# Modifier 57 and Elective surgery



## Vstruzinski (Oct 15, 2013)

Hello,

Can you use a modifier 57 on an E/M for an elective surgery? The surgery does have a 90 global and the E/M is completed the day before surgery. I found the information below on Supercoder.com 

*Question: We attached modifier -57 to an E/M service that resulted in a decision to remove a lesion. Our Medicare carrier rejected our claim. What did we do wrong?

Virginia Subscriber
Answer: You should attach modifier -57 (Decision for surgery) when an E/M service, such as 99214 (Office or other outpatient visit ... established patient ...), results in a decision for major surgery during the patient preoperative period. The preoperative period on a major surgery includes the day of and the day prior to the procedure. Typically, your internist should order an emergency procedure or surgery, not a scheduled or elective surgery.*

Thank you,


----------



## maddismom (Oct 15, 2013)

I think this is a great question.  Ordinarily I would say yes, but then I kept referring to the elective part and have to think it would be included in the surgical package.  Looking forward to other coder responses.


----------



## FTessaBartels (Oct 15, 2013)

*Lesion removal is MINOR surgery*

The problem is that excision of a skin lesion is MINOR surgery (global days 0-10)

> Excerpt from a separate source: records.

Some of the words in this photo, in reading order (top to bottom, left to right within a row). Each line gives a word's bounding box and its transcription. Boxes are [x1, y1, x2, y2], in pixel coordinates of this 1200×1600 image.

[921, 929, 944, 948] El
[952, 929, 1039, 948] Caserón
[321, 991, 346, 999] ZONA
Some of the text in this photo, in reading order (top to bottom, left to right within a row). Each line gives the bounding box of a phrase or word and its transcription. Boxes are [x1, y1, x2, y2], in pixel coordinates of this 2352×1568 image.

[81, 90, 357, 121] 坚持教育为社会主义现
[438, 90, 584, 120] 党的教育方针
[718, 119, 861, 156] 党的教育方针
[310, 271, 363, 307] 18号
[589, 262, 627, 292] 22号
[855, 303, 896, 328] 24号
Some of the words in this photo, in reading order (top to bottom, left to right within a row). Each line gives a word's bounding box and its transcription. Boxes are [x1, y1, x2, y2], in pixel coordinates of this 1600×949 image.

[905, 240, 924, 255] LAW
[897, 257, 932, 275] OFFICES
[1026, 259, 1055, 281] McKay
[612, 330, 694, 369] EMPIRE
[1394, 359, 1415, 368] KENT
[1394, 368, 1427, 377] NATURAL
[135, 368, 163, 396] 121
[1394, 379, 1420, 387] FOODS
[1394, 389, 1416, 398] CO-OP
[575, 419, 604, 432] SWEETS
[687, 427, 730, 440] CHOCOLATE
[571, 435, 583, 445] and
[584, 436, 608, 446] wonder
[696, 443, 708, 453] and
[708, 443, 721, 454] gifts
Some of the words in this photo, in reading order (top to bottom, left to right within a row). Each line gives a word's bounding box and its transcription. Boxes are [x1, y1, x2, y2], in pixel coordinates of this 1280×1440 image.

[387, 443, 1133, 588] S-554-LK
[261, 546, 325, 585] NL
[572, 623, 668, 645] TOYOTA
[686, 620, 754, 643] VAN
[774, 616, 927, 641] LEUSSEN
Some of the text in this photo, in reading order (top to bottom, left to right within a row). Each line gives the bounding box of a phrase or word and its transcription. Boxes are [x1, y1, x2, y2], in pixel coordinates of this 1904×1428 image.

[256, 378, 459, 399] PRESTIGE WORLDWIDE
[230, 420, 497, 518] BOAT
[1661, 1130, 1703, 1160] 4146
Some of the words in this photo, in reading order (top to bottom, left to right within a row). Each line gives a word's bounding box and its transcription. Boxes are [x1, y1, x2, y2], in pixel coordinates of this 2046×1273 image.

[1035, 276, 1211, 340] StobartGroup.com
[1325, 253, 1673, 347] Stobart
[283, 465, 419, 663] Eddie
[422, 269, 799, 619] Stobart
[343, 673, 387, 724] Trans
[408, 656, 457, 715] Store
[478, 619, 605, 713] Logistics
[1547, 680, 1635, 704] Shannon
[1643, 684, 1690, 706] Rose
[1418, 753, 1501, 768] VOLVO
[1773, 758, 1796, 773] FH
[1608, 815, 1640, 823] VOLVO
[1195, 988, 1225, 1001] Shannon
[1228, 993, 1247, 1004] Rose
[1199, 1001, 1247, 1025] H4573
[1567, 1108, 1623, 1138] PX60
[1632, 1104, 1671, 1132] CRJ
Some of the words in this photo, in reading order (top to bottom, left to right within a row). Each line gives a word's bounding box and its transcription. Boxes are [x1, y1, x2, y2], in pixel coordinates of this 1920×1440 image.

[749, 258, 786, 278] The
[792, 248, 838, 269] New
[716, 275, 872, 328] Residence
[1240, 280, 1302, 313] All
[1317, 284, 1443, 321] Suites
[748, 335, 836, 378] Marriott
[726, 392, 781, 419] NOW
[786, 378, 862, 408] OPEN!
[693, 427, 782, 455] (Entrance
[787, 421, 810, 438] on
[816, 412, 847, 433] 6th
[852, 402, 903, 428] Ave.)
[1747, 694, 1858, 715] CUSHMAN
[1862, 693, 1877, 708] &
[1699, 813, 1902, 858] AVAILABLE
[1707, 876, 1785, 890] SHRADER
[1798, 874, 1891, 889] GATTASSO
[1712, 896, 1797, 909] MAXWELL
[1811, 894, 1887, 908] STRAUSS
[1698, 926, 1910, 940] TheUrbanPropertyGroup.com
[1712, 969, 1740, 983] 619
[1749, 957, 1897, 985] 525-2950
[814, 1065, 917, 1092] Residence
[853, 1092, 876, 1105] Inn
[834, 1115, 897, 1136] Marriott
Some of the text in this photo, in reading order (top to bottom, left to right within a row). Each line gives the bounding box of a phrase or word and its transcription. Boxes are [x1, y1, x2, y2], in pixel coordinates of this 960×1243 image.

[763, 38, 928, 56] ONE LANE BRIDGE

F Tessa Bartels, CPC, CEMC


----------



## Vstruzinski (Oct 15, 2013)

Good afternoon,

The surgery I posted is not what I code for it was and example of were I found that you can not use 57 on elective surgeries. I work in orthopedic spine and our surgeries are considered elective. Would we be able to use the 57? Just because it is an elective  surgery the patient must still go through a clearance prorocess



Answer: You should attach modifier -57 (Decision for surgery) when an E/M service, such as 99214 (Office or other outpatient visit ... established patient ...), results in a decision for major surgery during the patient preoperative period. The preoperative period on a major surgery includes the day of and the day prior to the procedure. Typically, your internist should order an emergency procedure or surgery, *not a scheduled or elective surgery.*


----------



## armen (Oct 15, 2013)

I always bill 57 with 90 days global procedure when an E/M is the one where the decision for surgery is made. I billed for Ortho and now doing the same for Derm.



Vstruzinski said:


> Good afternoon,
> 
> The surgery I posted is not what I code for it was and example of were I found that you can not use 57 on elective surgeries. I work in orthopedic spine and our surgeries are considered elective. Would we be able to use the 57? Just because it is an elective  surgery the patient must still go through a clearance prorocess
> 
> ...


----------



## OCD_coder (Oct 15, 2013)

This is a great question to bring to the forum.  Nowhere could I find in the CPT, NCCI Manual on the CMS Surgical Guidelines, nor the Global Surgical Fact sheet is there a criteria limiting the use of modifier 57 when a surgical procedure is "elective".  I only found it on the Risk Table in the E&M (95') Documentation Guidelines.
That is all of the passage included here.